Business

Reduce in demand for product sees Fisher & Paykel Healthcare profits go down

11:44 am on 26 May 2023

Fisher & Paykel Healthcare chief executive Lewis Gradon. Photo: Supplied / Fisher & Paykel Healthcare

Respiratory equipment manufacturer Fisher & Paykel Healthcare's full-year net profit is down a third as demand for its hospital products eases.

Key numbers for the year ended March compared with a year ago:

  • Net profit $250.3 million versus $376.9m, down 34 percent
  • Revenue $1.58 billion versus $1.68b, down 6 percent
  • Hospital revenue $1.02b versus $1.0b, down 15 percent
  • Homecare revenue 553.8m versus $469.5, up 18 percent
  • Gross margin 59.4 percent versus 65.6 percent, down 325 basis points
  • Final dividend 23 cents a share versus 22cps up 2 percent ( full-year dividend up 3 percent to 40.5cps)

Chief executive Lewis Gradon said the company was returning to a normal state following the Covid-19 pandemic, which drove soaring demand for its products.

"We are coming out of three financial years that were impacted by the Covid-19 pandemic, and our people, suppliers and customers have worked tirelessly to meet global demand surges," Gradon said.

"The second-half result was encouraging as market conditions progressed towards more of a normal state and both our hospital and homecare product groups delivered good growth."

In the absence of any significant disease events, the company was forecasting revenue growth for the current 2024 financial year to about $1.7b, with similar rates of growth for hospital and homecare product sales.

"Prior to the pandemic, we had a track record of incremental improvements in gross margin," Gradon said.

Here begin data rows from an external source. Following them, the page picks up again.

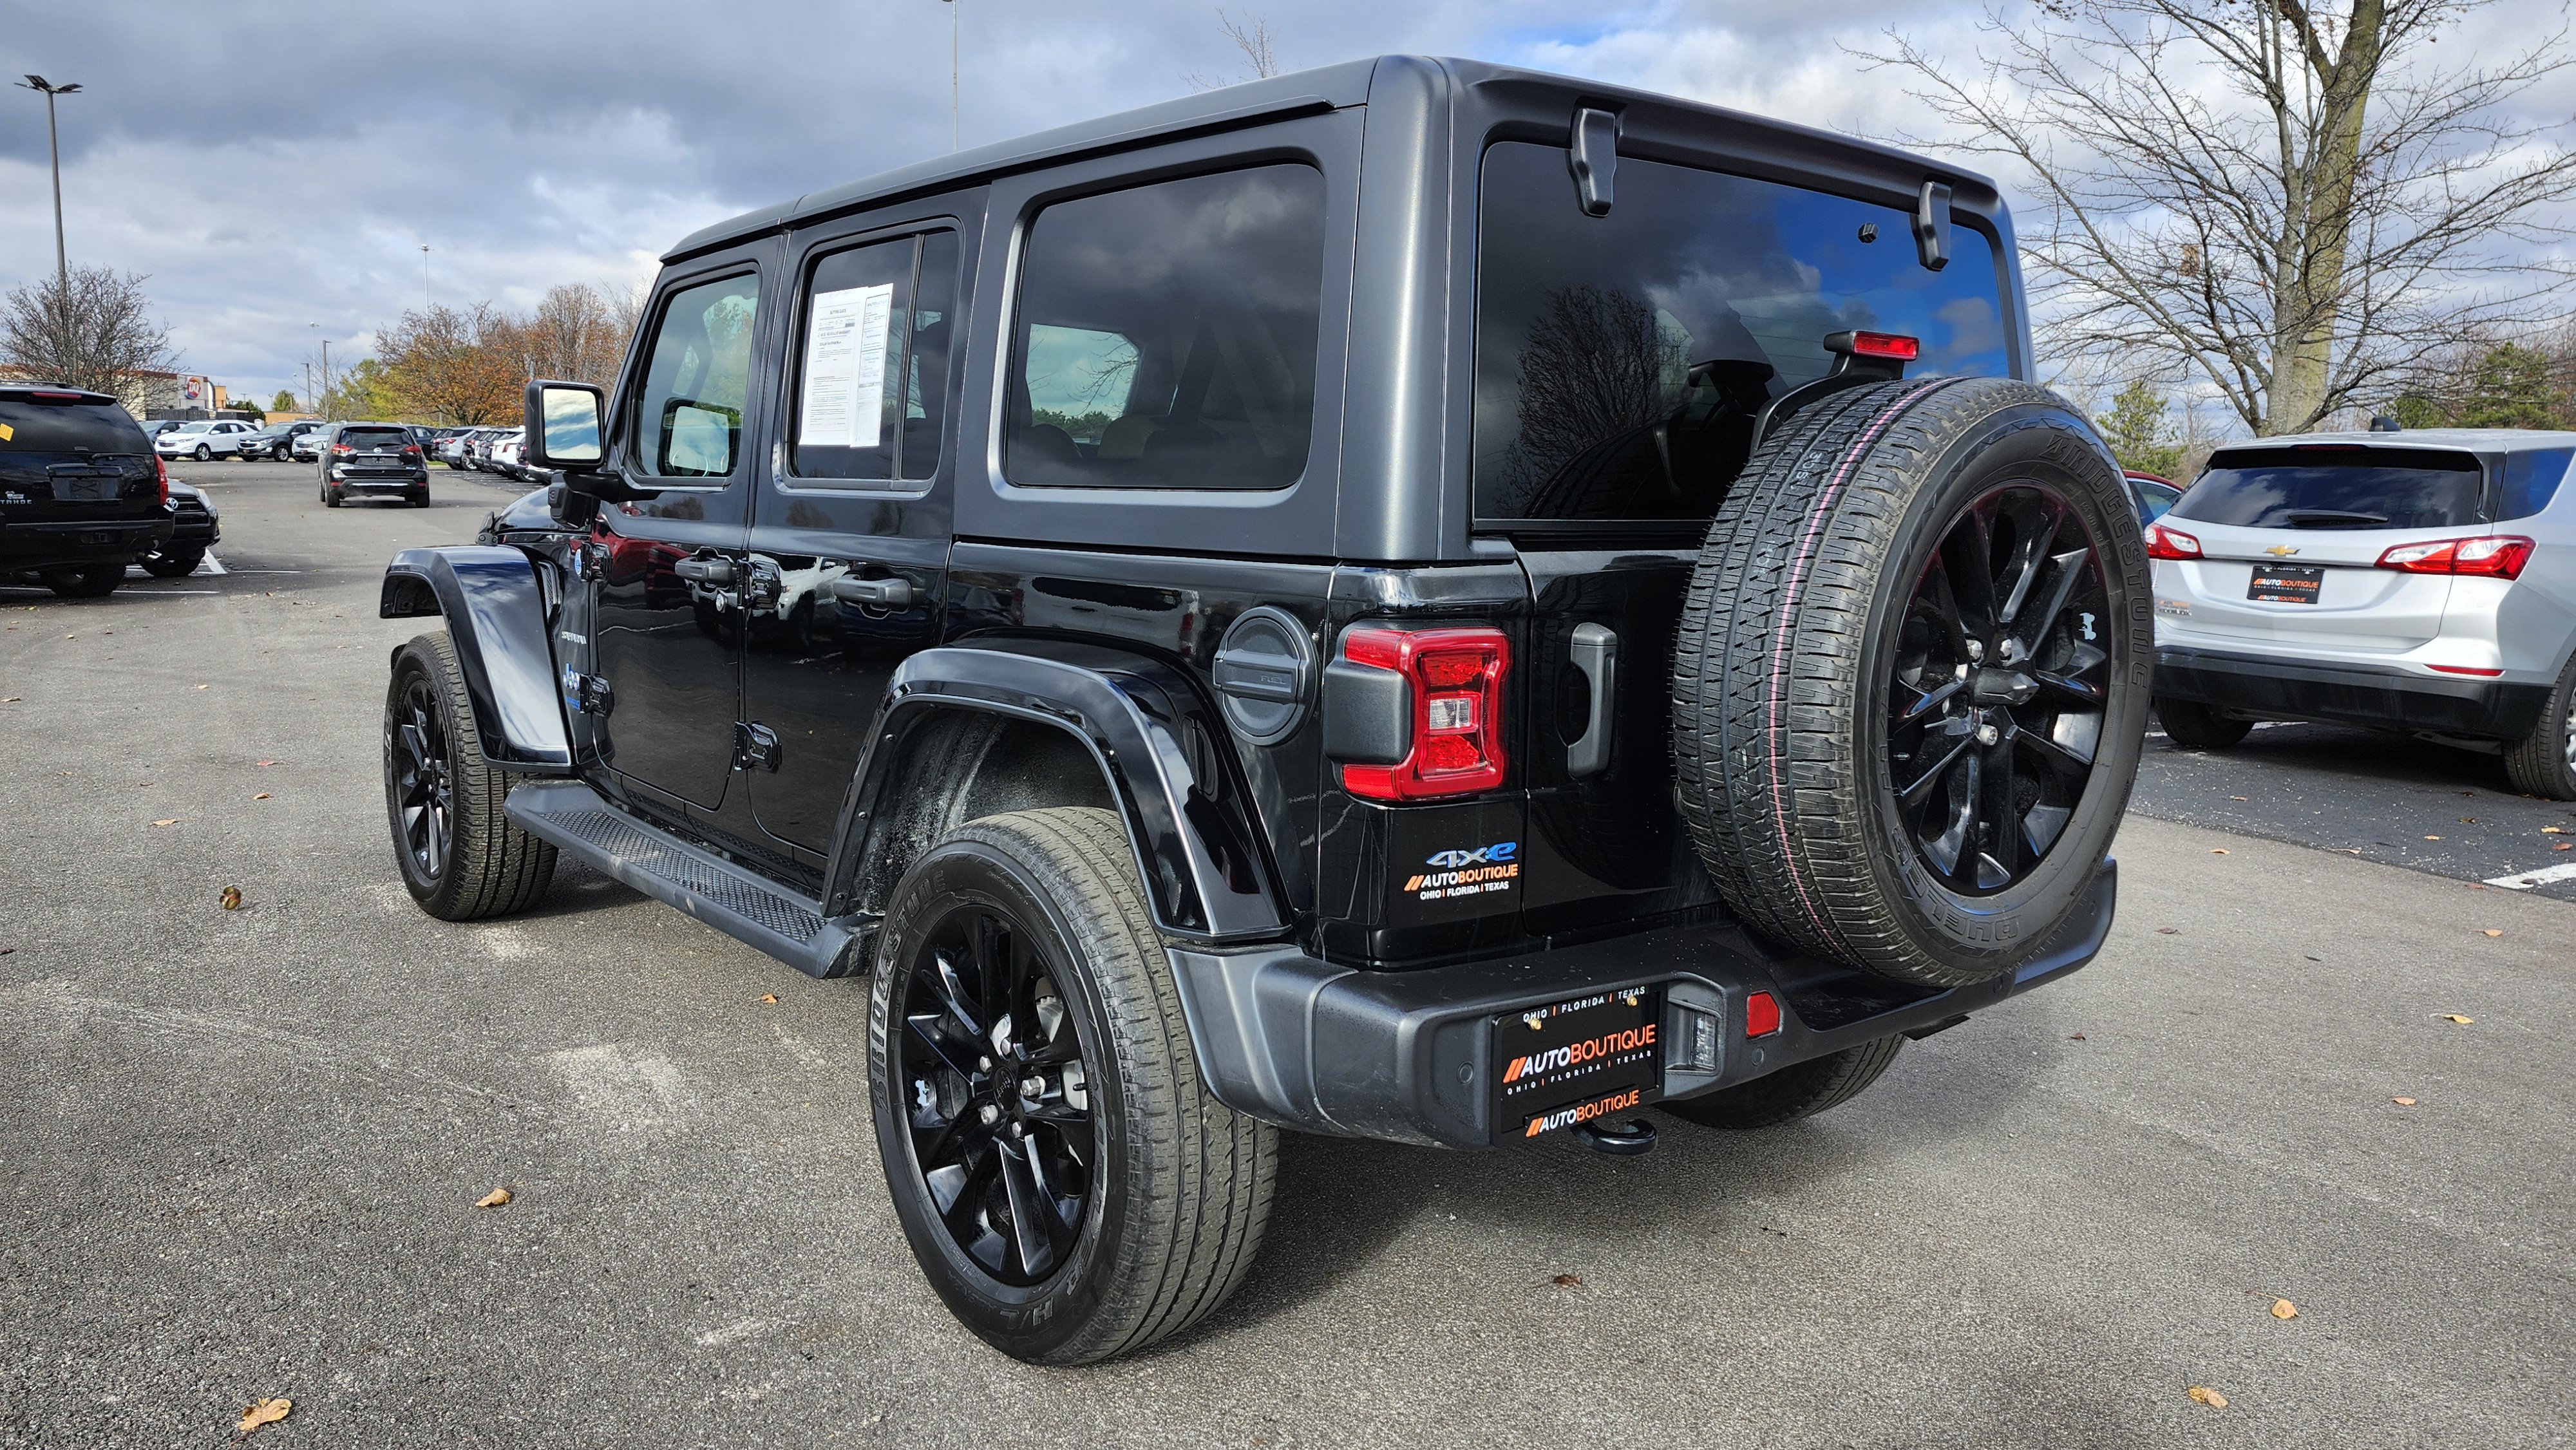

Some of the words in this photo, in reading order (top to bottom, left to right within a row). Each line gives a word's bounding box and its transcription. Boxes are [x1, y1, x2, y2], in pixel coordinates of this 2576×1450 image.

[2040, 433, 2148, 688] BRIDGESTONE
[2260, 578, 2318, 588] AUTOBOUTIQUE
[1260, 675, 1287, 685] FUEL
[1419, 890, 1442, 901] OHIO
[1446, 885, 1481, 897] FLORIDA
[1484, 880, 1510, 892] TEXAS
[1420, 863, 1519, 889] AUTOBOUTIQUE
[870, 871, 947, 1115] BRIDGESTONE
[1522, 1008, 1548, 1023] OHIO
[1561, 995, 1605, 1013] FLORIDA
[1617, 986, 1645, 1000] TEXAS
[1520, 1023, 1656, 1078] AUTOBOUTIQUE
[1507, 1081, 1537, 1096] OHIO
[1550, 1063, 1602, 1083] FLORIDA
[1616, 1050, 1652, 1065] TEXAS
[1539, 1089, 1640, 1133] AUTOBOUTIQUE

"Now, as every team in our business turns back to efficiency gains, we are confident in our ability to return to our long-term target of 65 percent within three to four years."

Capital expenditure for the 2024 financial year was expected to be about $450m to support land and building programmes, with interest expenses to be about $16m.

Over the past year, the company bought 105 hectares of land in Karaka, Auckland to build a second New Zealand campus.

A 10 percent deposit of the $275m purchase price was paid in September 2022, with a subsequent payment of $189.5m on 11 May.

A further $43m will be paid in January 2026, with a final instalment of $15m to be paid in December 2026.

In the meantime, earthworks were continuing on the company's existing East Tāmaki campus to prepare for the construction of a fifth facility, which will complete the campus.